What does Bhagavad Gita 10.2 teach today's generation (Gen Z & millennials)?

Krishna says even the wisest beings — gods and great sages — can't fully comprehend the deepest source, because they themselves arise from it. The logic is elegant: the effect can't fully contain its cause; the eye can't see itself; the source of all knowing can't be made entirely into an object of knowledge. This instills a genuine and valuable humility. We live in an age that assumes everything can eventually be fully explained, mastered, and grasped — that there are no real mysteries, just gaps in data. But the deepest realities may genuinely exceed complete comprehension — not as a failure of intelligence, but as their inherent nature. And the right response isn't despair or 'then why bother' — it's awe. There's a kind of wisdom that comes not from mastering something but from standing in wonder before it. The vastness of existence, the mystery of consciousness, the sheer fact that anything exists at all — best met not with 'I've got it all figured out,' but with reverent wonder. Sometimes the wisest move is humble awe before what genuinely exceeds you.

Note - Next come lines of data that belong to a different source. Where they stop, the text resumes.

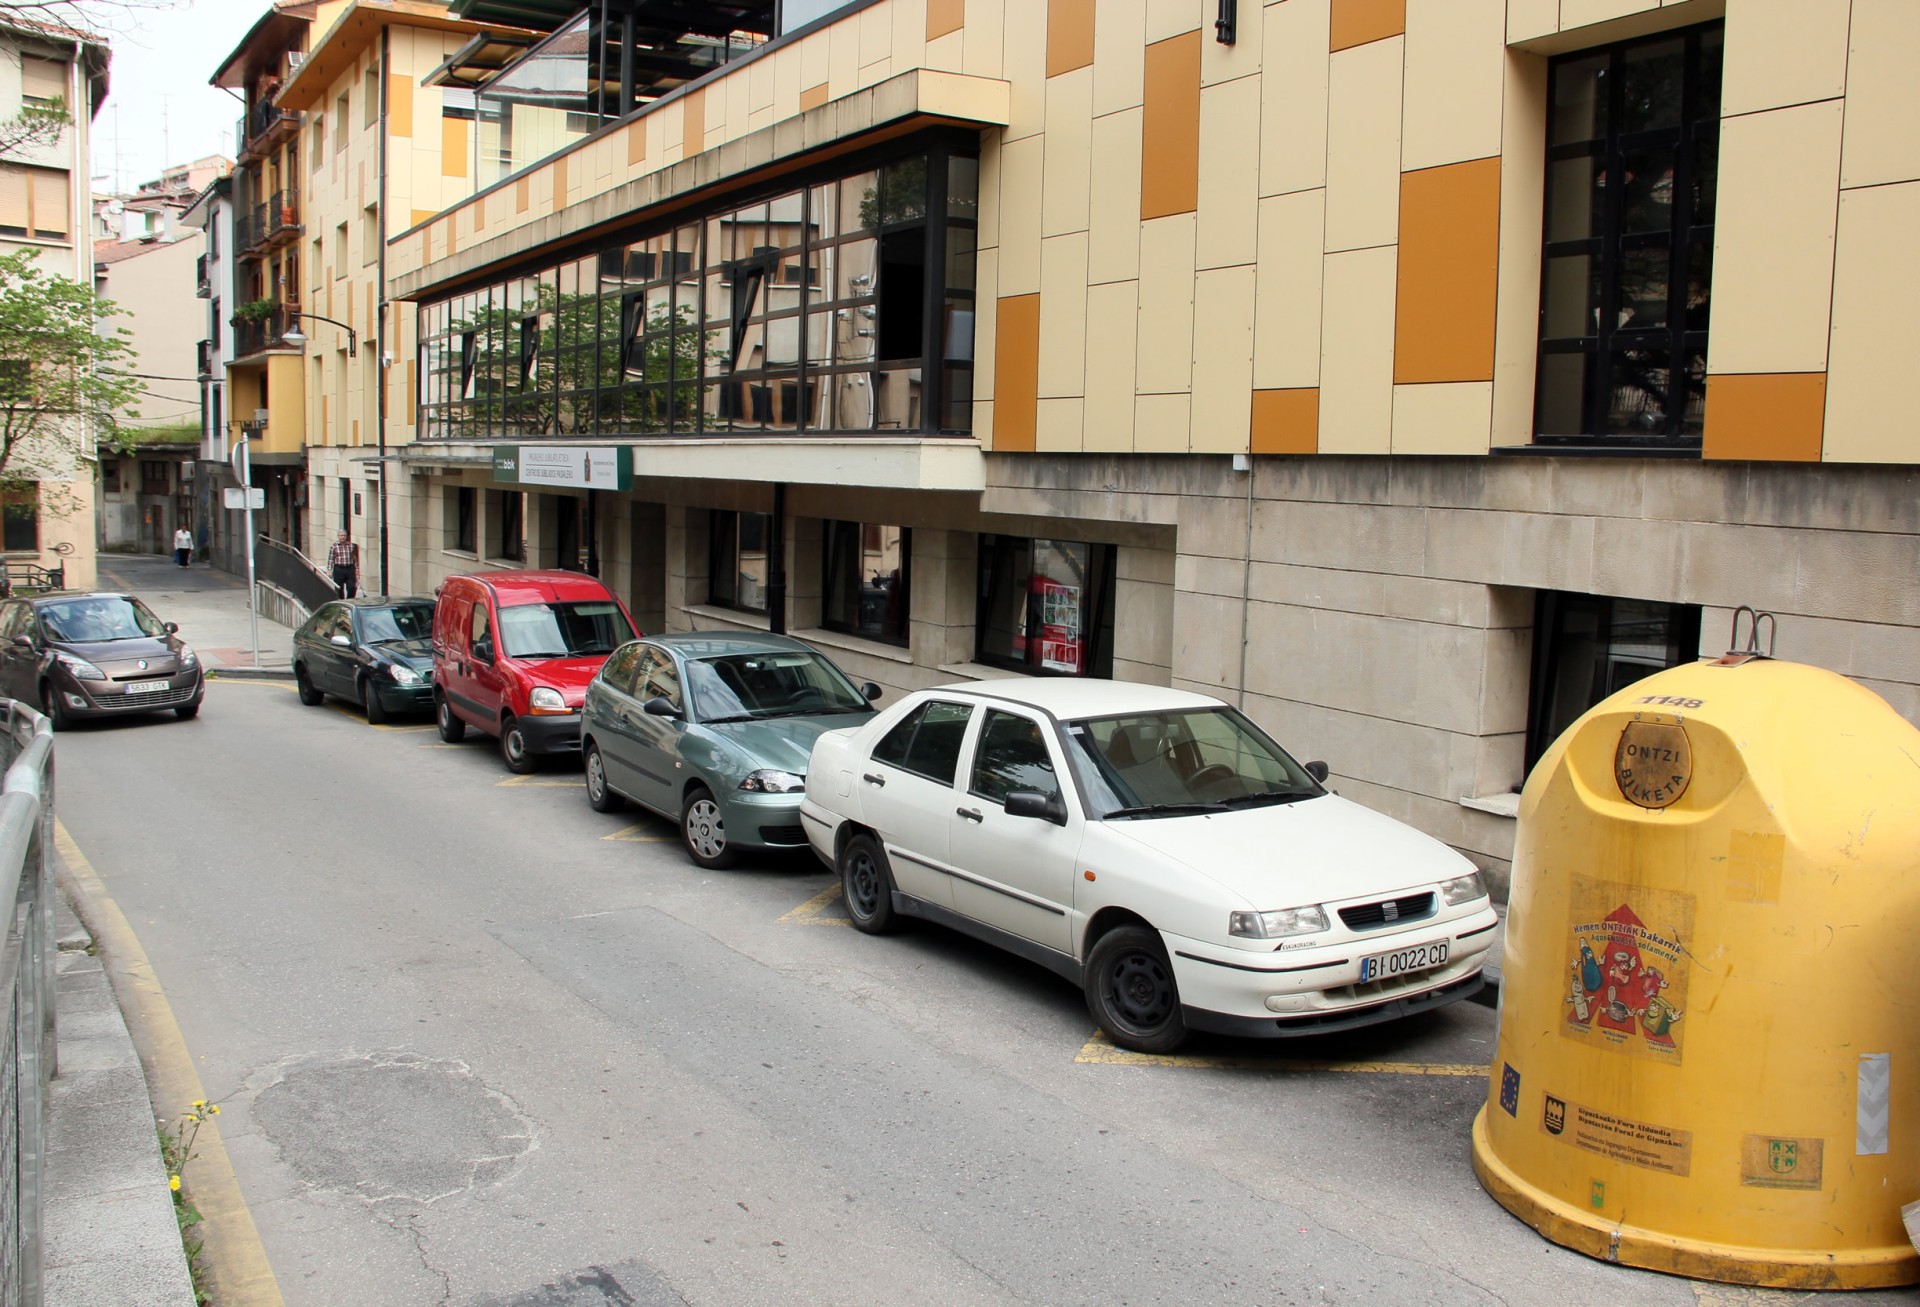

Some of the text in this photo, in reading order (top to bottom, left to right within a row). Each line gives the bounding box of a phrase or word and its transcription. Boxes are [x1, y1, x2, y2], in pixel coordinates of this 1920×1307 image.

[503, 459, 516, 470] bbk
[1641, 696, 1704, 708] 1148
[1627, 744, 1679, 763] ONTZI
[1621, 768, 1683, 801] BILKETA
[1573, 922, 1682, 955] Hemen ONTZIAK bakarrik
[1389, 948, 1426, 973] 0022
[1429, 944, 1448, 964] CD
[1638, 941, 1678, 963] solamente
[1578, 1107, 1672, 1138] Gipuzkoako Foru Aldundia
[1614, 1126, 1634, 1138] Foral

What does Bhagavad Gita 10.2 mean explained simply for kids?

Krishna shares something amazing and humbling! He says that even the gods and the wisest sages can't fully understand where He comes from — because He is the SOURCE that they all came from! It's like how a drawing can't fully understand the artist who drew it, or how your eye can see everything but can't see itself! Some things are just too big and wonderful to completely figure out. And that's okay — it's actually beautiful! When something is so vast and amazing that even the wisest beings just stand in wonder, we don't need to feel sad about not understanding it all. We can just feel AMAZED! Sometimes the smartest thing is to look at something wonderful and simply say 'wow!' Wonder is a kind of wisdom too!

Related shlokas

Chapter context

Krishna enumerates his divine glories (vibhutis) — he is the best and the essence in every category of creation. Recognizing him as the source of all, the devotee's love deepens into total surrender.